** Opening DATA EXTRACTS block **

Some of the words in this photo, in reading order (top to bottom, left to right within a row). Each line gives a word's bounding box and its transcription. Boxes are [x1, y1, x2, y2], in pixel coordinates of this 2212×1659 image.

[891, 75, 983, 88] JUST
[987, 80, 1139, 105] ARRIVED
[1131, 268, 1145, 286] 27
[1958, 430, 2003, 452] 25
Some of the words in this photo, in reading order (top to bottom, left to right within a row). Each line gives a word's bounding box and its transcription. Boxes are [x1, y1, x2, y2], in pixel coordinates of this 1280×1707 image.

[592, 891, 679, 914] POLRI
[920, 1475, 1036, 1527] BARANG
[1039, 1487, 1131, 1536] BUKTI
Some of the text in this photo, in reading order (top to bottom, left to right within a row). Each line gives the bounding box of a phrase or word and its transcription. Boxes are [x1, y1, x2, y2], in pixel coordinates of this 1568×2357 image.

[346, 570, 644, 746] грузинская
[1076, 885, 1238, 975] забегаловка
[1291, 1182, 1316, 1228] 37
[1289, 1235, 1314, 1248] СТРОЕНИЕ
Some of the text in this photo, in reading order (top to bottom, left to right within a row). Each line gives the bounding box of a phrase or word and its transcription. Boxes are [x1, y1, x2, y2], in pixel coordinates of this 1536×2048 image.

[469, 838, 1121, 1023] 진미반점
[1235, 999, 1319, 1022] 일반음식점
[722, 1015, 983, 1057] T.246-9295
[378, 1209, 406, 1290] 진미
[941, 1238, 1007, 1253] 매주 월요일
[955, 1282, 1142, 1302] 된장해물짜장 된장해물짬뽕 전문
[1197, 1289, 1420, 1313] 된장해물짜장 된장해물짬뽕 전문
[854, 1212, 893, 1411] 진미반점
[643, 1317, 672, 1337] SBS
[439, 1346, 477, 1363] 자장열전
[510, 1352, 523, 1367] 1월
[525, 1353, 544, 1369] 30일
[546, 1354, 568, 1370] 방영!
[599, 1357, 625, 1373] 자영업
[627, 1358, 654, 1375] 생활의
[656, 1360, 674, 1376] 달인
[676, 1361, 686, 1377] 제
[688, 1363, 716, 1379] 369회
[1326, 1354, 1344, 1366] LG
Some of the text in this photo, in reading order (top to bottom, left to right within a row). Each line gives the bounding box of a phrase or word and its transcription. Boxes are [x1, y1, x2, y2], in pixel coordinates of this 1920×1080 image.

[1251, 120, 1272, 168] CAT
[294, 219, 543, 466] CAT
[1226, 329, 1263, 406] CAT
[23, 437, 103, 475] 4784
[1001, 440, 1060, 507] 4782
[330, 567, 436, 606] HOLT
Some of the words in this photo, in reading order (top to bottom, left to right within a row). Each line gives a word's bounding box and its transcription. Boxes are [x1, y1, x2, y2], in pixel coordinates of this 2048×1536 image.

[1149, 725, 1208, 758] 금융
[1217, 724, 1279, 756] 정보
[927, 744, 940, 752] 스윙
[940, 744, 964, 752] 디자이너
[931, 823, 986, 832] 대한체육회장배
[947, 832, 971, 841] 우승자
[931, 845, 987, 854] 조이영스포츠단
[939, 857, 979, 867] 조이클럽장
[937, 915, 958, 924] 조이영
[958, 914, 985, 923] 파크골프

** Closing DATA EXTRACTS block **

● **TASK REQUIREMENTS**: Repeat every line of the data verbatim.

● **ANSWER FOR THE TASK**:
Some of the words in this photo, in reading order (top to bottom, left to right within a row). Each line gives a word's bounding box and its transcription. Boxes are [x1, y1, x2, y2], in pixel coordinates of this 2212×1659 image.

[891, 75, 983, 88] JUST
[987, 80, 1139, 105] ARRIVED
[1131, 268, 1145, 286] 27
[1958, 430, 2003, 452] 25
Some of the words in this photo, in reading order (top to bottom, left to right within a row). Each line gives a word's bounding box and its transcription. Boxes are [x1, y1, x2, y2], in pixel coordinates of this 1280×1707 image.

[592, 891, 679, 914] POLRI
[920, 1475, 1036, 1527] BARANG
[1039, 1487, 1131, 1536] BUKTI
Some of the text in this photo, in reading order (top to bottom, left to right within a row). Each line gives the bounding box of a phrase or word and its transcription. Boxes are [x1, y1, x2, y2], in pixel coordinates of this 1568×2357 image.

[346, 570, 644, 746] грузинская
[1076, 885, 1238, 975] забегаловка
[1291, 1182, 1316, 1228] 37
[1289, 1235, 1314, 1248] СТРОЕНИЕ
Some of the text in this photo, in reading order (top to bottom, left to right within a row). Each line gives the bounding box of a phrase or word and its transcription. Boxes are [x1, y1, x2, y2], in pixel coordinates of this 1536×2048 image.

[469, 838, 1121, 1023] 진미반점
[1235, 999, 1319, 1022] 일반음식점
[722, 1015, 983, 1057] T.246-9295
[378, 1209, 406, 1290] 진미
[941, 1238, 1007, 1253] 매주 월요일
[955, 1282, 1142, 1302] 된장해물짜장 된장해물짬뽕 전문
[1197, 1289, 1420, 1313] 된장해물짜장 된장해물짬뽕 전문
[854, 1212, 893, 1411] 진미반점
[643, 1317, 672, 1337] SBS
[439, 1346, 477, 1363] 자장열전
[510, 1352, 523, 1367] 1월
[525, 1353, 544, 1369] 30일
[546, 1354, 568, 1370] 방영!
[599, 1357, 625, 1373] 자영업
[627, 1358, 654, 1375] 생활의
[656, 1360, 674, 1376] 달인
[676, 1361, 686, 1377] 제
[688, 1363, 716, 1379] 369회
[1326, 1354, 1344, 1366] LG
Some of the text in this photo, in reading order (top to bottom, left to right within a row). Each line gives the bounding box of a phrase or word and its transcription. Boxes are [x1, y1, x2, y2], in pixel coordinates of this 1920×1080 image.

[1251, 120, 1272, 168] CAT
[294, 219, 543, 466] CAT
[1226, 329, 1263, 406] CAT
[23, 437, 103, 475] 4784
[1001, 440, 1060, 507] 4782
[330, 567, 436, 606] HOLT
Some of the words in this photo, in reading order (top to bottom, left to right within a row). Each line gives a word's bounding box and its transcription. Boxes are [x1, y1, x2, y2], in pixel coordinates of this 2048×1536 image.

[1149, 725, 1208, 758] 금융
[1217, 724, 1279, 756] 정보
[927, 744, 940, 752] 스윙
[940, 744, 964, 752] 디자이너
[931, 823, 986, 832] 대한체육회장배
[947, 832, 971, 841] 우승자
[931, 845, 987, 854] 조이영스포츠단
[939, 857, 979, 867] 조이클럽장
[937, 915, 958, 924] 조이영
[958, 914, 985, 923] 파크골프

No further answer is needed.